- **What this task involves**
Print the records exactly and in full, please; the pictures stay out.

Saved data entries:

□ □ □ □ □

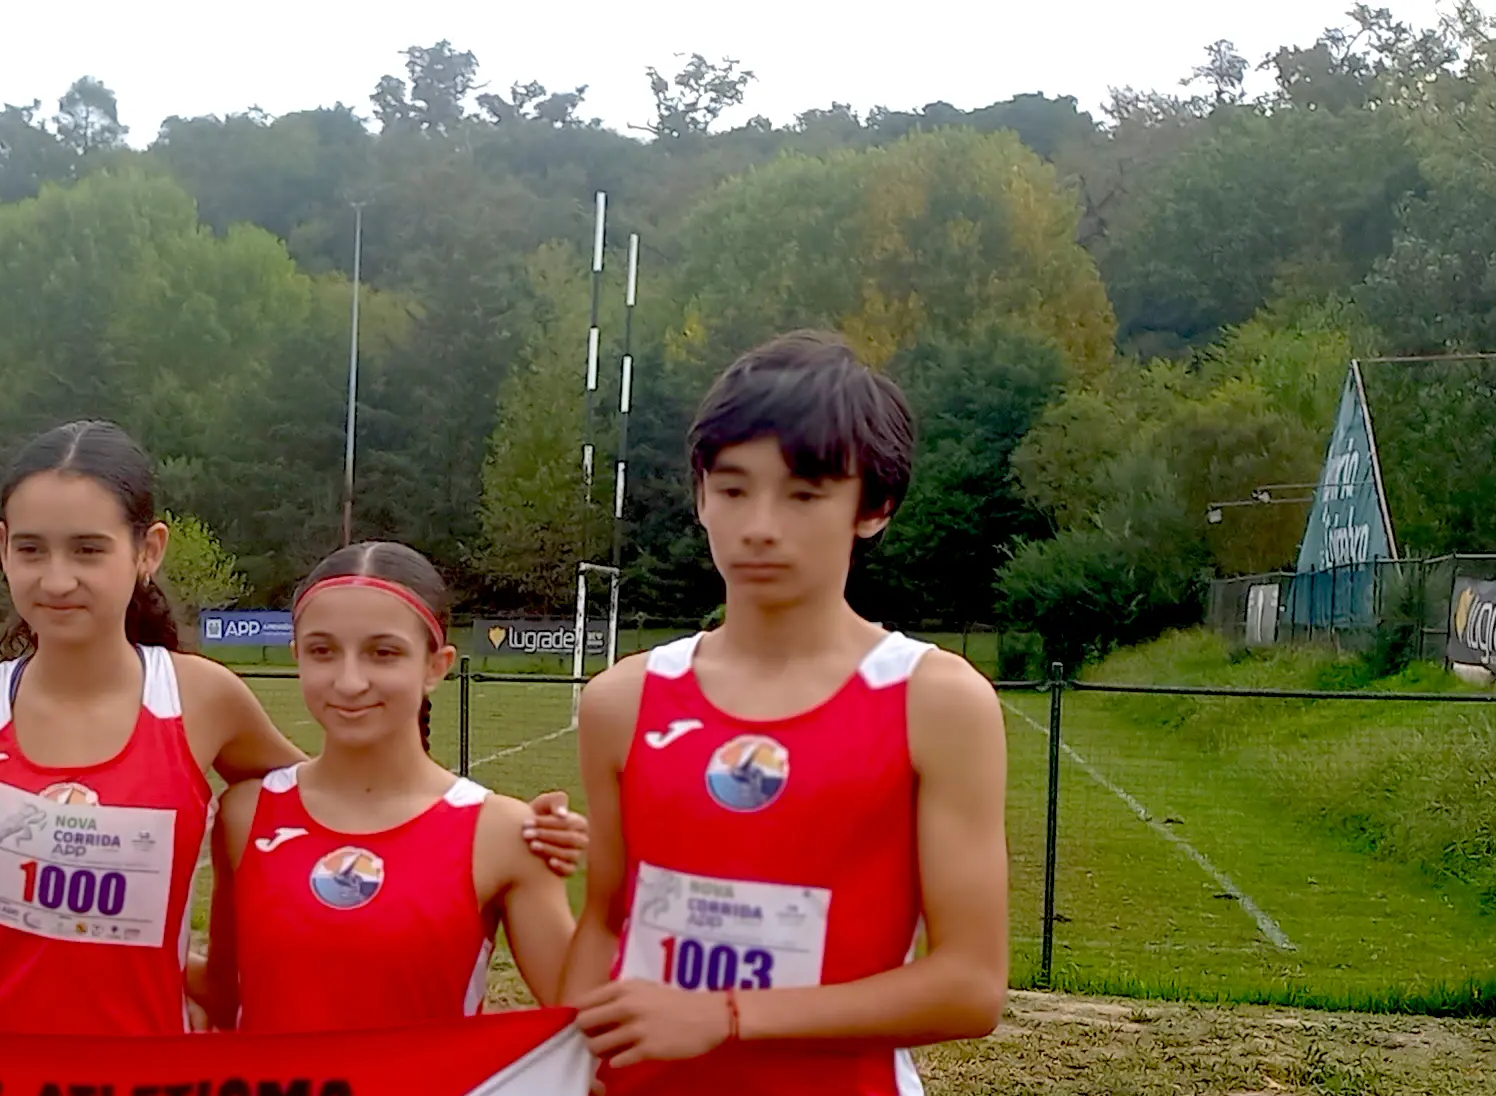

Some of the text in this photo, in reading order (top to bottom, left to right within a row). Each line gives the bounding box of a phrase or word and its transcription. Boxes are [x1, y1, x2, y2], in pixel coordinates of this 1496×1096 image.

[225, 620, 262, 637] APP
[508, 626, 576, 653] lugrade
[55, 814, 98, 831] NOVA
[53, 829, 121, 848] CORRIDA
[51, 842, 87, 857] APP
[19, 859, 127, 916] 1000
[689, 880, 735, 898] NOVA
[687, 897, 764, 920] CORRIDA
[660, 935, 774, 992] 1003

□ □ □ □ □

- **Finished task**
Some of the text in this photo, in reading order (top to bottom, left to right within a row). Each line gives the bounding box of a phrase or word and its transcription. Boxes are [x1, y1, x2, y2], in pixel coordinates of this 1496×1096 image.

[225, 620, 262, 637] APP
[508, 626, 576, 653] lugrade
[55, 814, 98, 831] NOVA
[53, 829, 121, 848] CORRIDA
[51, 842, 87, 857] APP
[19, 859, 127, 916] 1000
[689, 880, 735, 898] NOVA
[687, 897, 764, 920] CORRIDA
[660, 935, 774, 992] 1003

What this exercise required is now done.